┌──

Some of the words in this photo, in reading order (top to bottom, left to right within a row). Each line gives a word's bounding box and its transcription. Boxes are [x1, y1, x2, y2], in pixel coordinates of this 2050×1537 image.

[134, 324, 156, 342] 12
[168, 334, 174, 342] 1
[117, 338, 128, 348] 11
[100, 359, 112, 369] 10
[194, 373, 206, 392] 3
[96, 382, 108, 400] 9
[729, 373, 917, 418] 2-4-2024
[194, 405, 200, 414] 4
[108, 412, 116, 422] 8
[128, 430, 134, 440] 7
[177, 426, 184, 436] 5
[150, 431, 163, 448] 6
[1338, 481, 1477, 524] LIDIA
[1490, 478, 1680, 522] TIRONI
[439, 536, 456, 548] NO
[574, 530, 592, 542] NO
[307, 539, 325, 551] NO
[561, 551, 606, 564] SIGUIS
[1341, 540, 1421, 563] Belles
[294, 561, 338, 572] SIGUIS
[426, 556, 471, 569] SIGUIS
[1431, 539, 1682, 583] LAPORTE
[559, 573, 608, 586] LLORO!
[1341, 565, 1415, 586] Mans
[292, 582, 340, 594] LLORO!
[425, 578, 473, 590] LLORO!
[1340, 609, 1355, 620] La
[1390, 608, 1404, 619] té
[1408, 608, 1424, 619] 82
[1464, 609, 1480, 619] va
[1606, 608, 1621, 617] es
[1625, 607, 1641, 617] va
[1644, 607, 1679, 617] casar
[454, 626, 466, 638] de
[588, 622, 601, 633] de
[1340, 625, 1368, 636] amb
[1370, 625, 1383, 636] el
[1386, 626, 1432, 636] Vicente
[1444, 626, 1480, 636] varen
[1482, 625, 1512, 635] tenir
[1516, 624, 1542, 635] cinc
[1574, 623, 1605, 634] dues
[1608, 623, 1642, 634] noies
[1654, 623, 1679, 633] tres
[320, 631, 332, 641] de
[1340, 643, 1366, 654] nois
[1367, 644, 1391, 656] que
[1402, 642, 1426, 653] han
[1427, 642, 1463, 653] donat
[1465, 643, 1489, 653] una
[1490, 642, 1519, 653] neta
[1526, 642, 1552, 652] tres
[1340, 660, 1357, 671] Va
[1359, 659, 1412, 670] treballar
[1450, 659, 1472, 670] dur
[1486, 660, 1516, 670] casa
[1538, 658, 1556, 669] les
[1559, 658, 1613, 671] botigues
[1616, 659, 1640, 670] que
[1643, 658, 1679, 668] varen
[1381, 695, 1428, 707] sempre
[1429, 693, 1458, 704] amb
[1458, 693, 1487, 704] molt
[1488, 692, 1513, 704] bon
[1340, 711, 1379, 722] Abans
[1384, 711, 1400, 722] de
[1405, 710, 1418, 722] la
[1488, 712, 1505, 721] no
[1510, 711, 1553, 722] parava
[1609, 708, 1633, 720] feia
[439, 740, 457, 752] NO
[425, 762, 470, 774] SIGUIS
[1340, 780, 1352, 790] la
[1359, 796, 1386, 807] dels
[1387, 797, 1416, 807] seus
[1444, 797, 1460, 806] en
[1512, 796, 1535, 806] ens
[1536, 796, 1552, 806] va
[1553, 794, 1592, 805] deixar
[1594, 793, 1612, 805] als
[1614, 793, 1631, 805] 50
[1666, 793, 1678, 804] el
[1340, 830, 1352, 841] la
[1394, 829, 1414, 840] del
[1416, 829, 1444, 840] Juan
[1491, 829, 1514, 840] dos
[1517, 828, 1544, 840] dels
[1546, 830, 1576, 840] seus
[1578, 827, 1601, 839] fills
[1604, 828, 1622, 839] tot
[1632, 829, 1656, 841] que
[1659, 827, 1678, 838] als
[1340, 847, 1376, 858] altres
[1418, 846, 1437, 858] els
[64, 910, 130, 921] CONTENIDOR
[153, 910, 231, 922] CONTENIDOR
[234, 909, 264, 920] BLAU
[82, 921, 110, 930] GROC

└──

▸ **PROBLEM DESCRIPTION**
For this task, copy every line of the material in which "seus" appears.

▸ **TASK SOLUTION**
[1387, 797, 1416, 807] seus
[1546, 830, 1576, 840] seus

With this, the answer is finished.